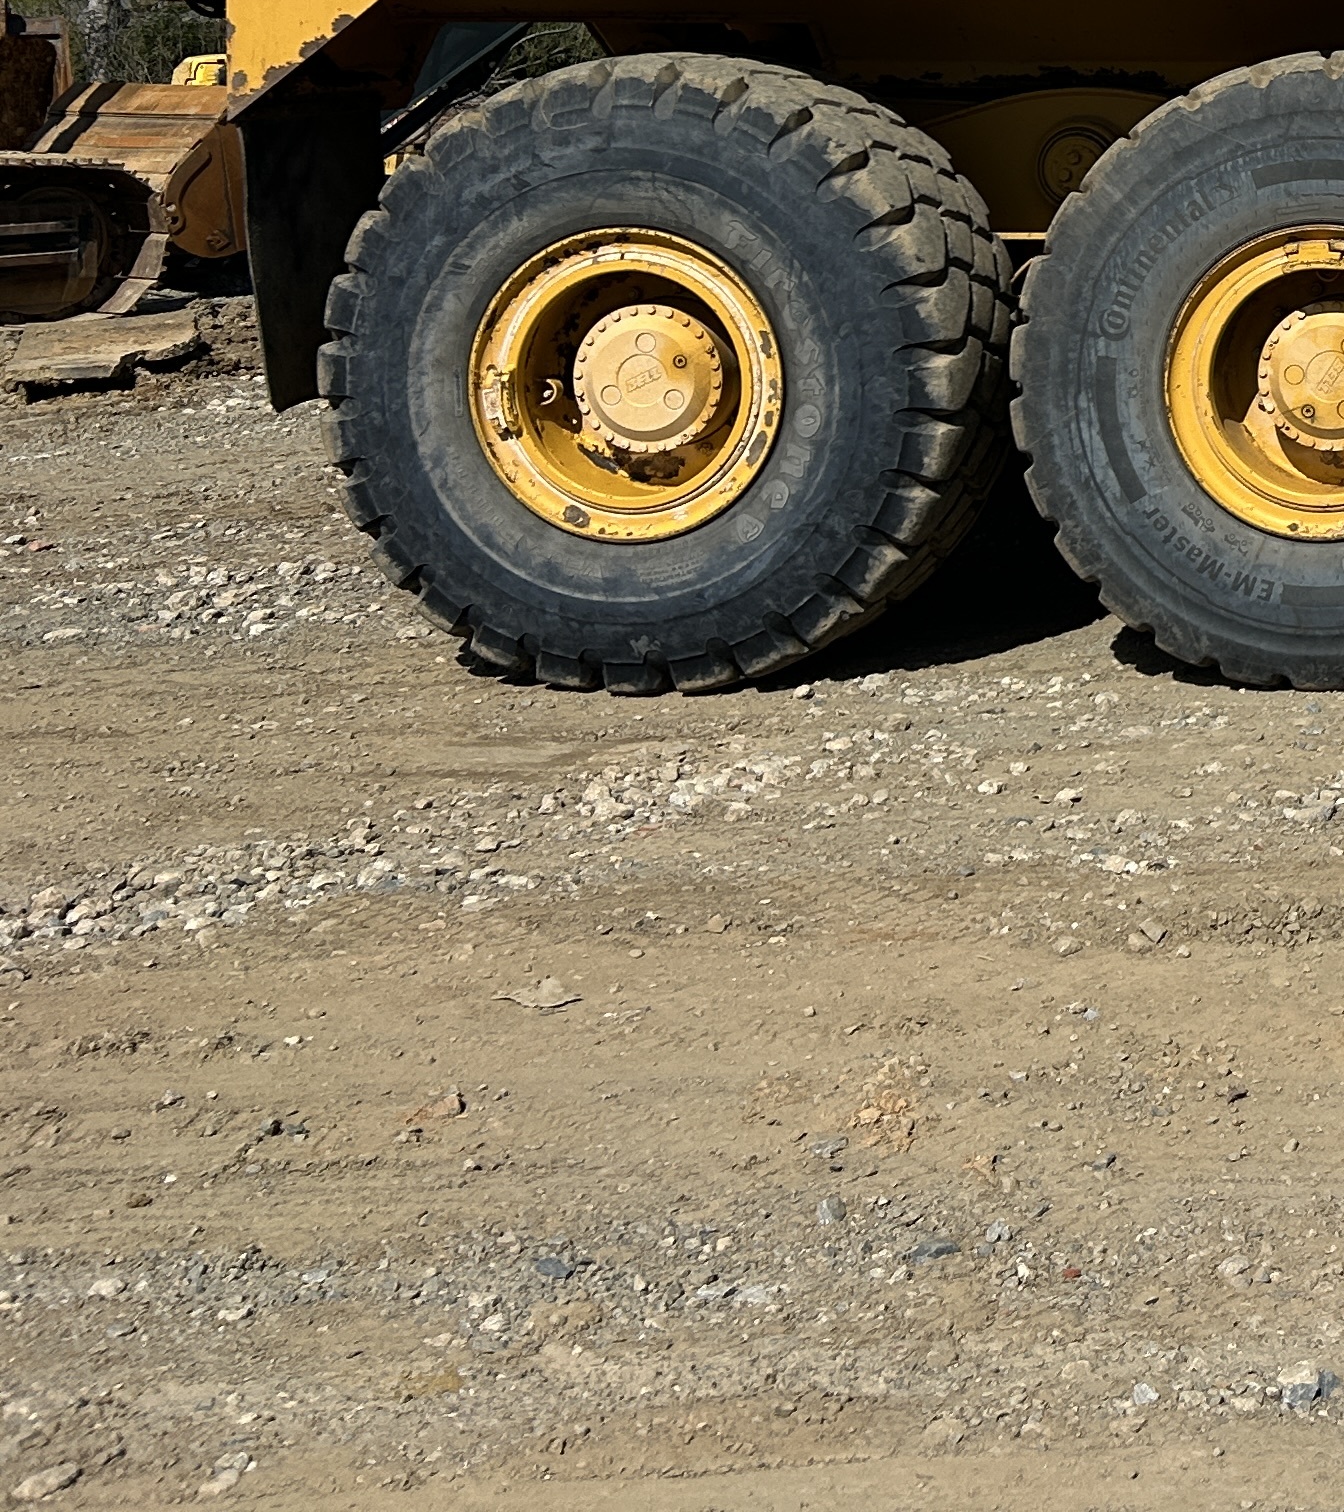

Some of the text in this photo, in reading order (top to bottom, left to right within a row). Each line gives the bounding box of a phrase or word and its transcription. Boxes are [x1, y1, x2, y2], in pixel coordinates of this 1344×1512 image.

[1098, 187, 1217, 341] Continental
[714, 219, 826, 510] Firestone
[1141, 507, 1276, 602] EM-Master
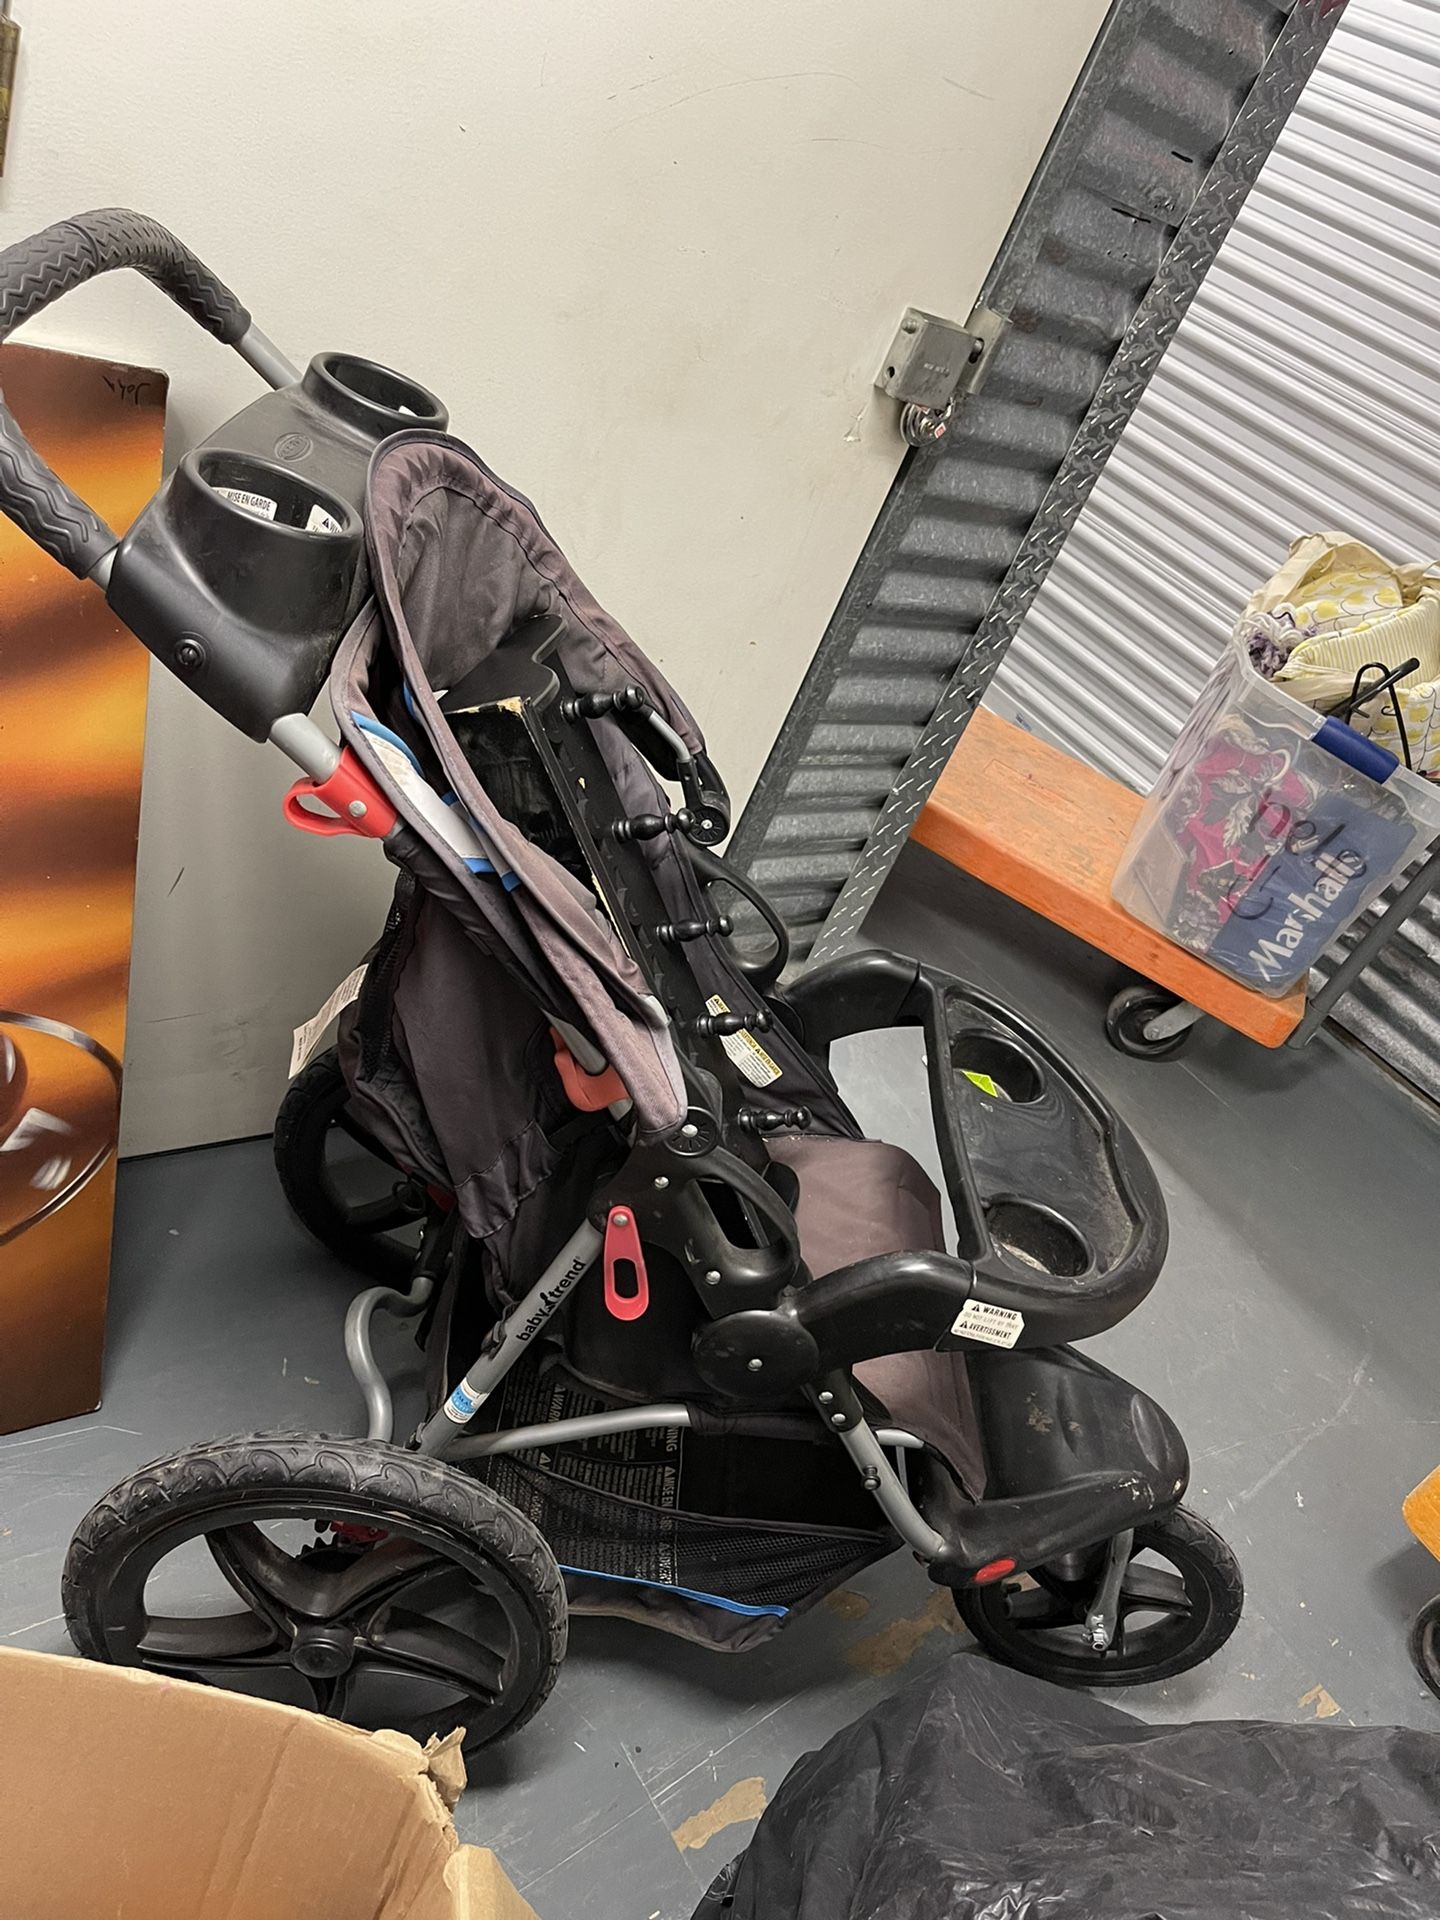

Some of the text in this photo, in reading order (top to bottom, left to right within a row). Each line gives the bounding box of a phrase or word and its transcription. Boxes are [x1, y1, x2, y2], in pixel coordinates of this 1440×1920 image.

[227, 491, 271, 511] MISE EN GARDE
[1248, 850, 1362, 982] Marshalls
[516, 1308, 549, 1341] baby
[548, 1258, 586, 1299] trend
[983, 1306, 1018, 1321] WARNING

_What this task involves_
Your answer should be an exact copy of the entries above, with no images included.

_Solution_
Some of the text in this photo, in reading order (top to bottom, left to right within a row). Each line gives the bounding box of a phrase or word and its transcription. Boxes are [x1, y1, x2, y2], in pixel coordinates of this 1344×1512 image.

[1098, 187, 1217, 341] Continental
[714, 219, 826, 510] Firestone
[1141, 507, 1276, 602] EM-Master

Some of the text in this photo, in reading order (top to bottom, left to right within a row). Each line gives the bounding box of a phrase or word and its transcription. Boxes are [x1, y1, x2, y2], in pixel coordinates of this 1440×1920 image.

[227, 491, 271, 511] MISE EN GARDE
[1248, 850, 1362, 982] Marshalls
[516, 1308, 549, 1341] baby
[548, 1258, 586, 1299] trend
[983, 1306, 1018, 1321] WARNING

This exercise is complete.